What the task asks = Give all the lines below again, exactly, with no pictures.

Exercise input START

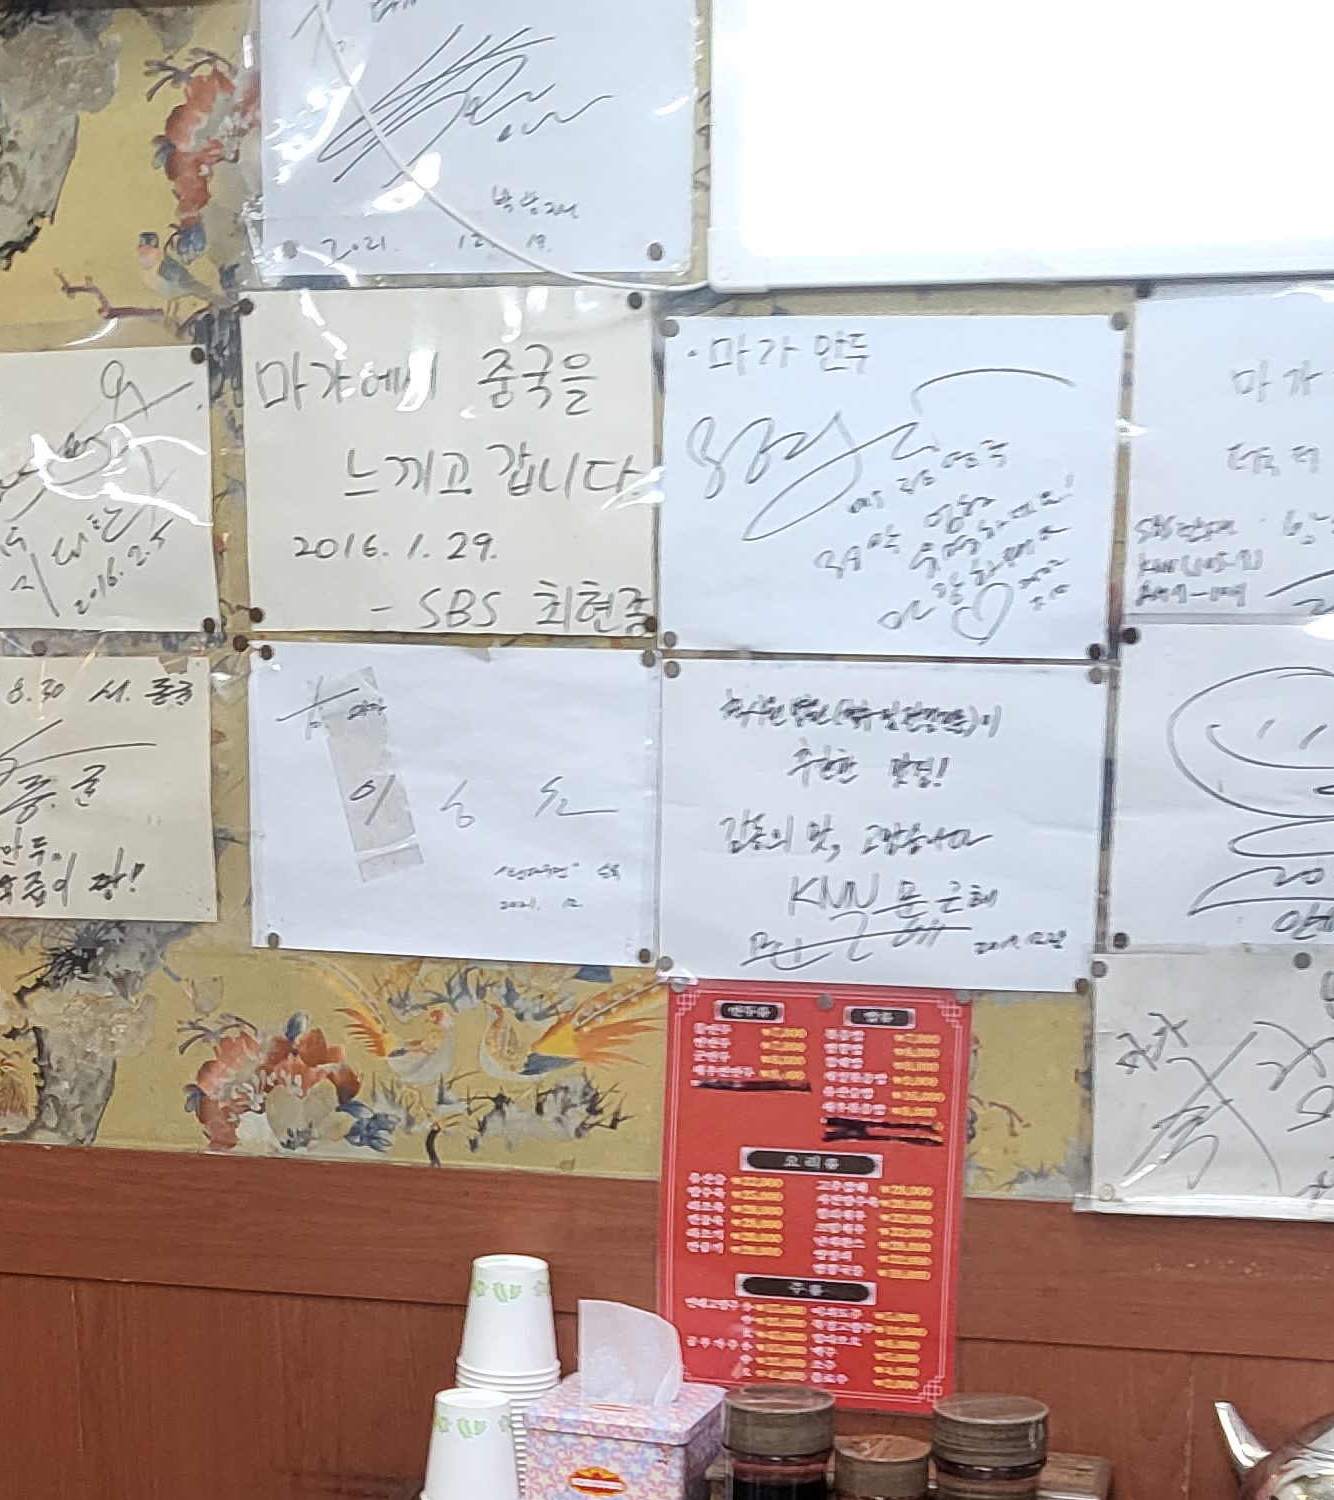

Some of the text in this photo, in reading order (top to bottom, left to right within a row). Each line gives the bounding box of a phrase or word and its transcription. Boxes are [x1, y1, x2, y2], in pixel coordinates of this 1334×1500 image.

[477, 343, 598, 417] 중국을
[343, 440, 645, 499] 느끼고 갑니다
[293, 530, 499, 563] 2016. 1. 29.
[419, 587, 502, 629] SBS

Exercise input END

Answer to this task =
Some of the text in this photo, in reading order (top to bottom, left to right within a row). Each line gives the bounding box of a phrase or word and its transcription. Boxes are [x1, y1, x2, y2], in pixel coordinates of this 1334×1500 image.

[477, 343, 598, 417] 중국을
[343, 440, 645, 499] 느끼고 갑니다
[293, 530, 499, 563] 2016. 1. 29.
[419, 587, 502, 629] SBS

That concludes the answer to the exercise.